◆ YOUR OBJECTIVE
Transcribe all records exactly; omit pictures.

*** AVAILABLE DATA Section Begins ***

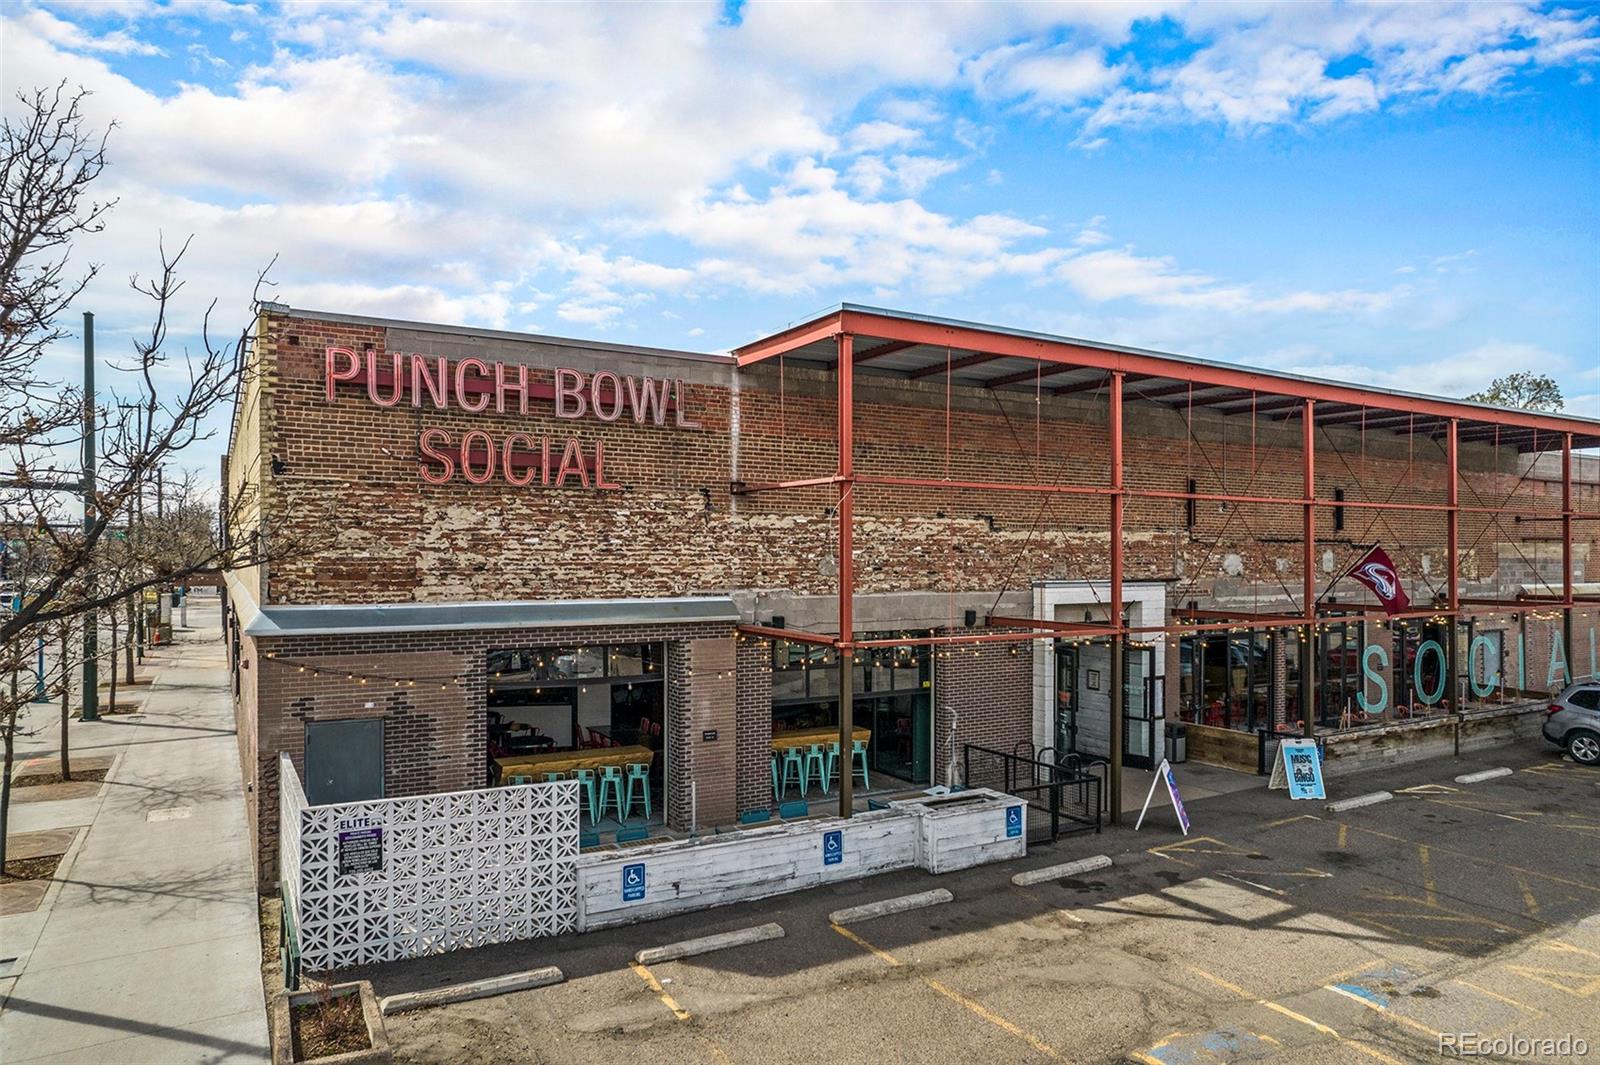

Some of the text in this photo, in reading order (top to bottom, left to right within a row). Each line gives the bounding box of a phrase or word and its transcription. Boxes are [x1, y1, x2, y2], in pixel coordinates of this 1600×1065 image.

[325, 345, 701, 428] PUNCH BOWL
[419, 428, 621, 490] SOCIAL
[1356, 627, 1600, 714] SOCIAL
[1290, 754, 1312, 764] MUSIC
[340, 817, 370, 829] ELITE

*** AVAILABLE DATA Section Ends ***

◆ ANSWER FOR THIS EXERCISE
Some of the text in this photo, in reading order (top to bottom, left to right within a row). Each line gives the bounding box of a phrase or word and its transcription. Boxes are [x1, y1, x2, y2], in pixel coordinates of this 1600×1065 image.

[325, 345, 701, 428] PUNCH BOWL
[419, 428, 621, 490] SOCIAL
[1356, 627, 1600, 714] SOCIAL
[1290, 754, 1312, 764] MUSIC
[340, 817, 370, 829] ELITE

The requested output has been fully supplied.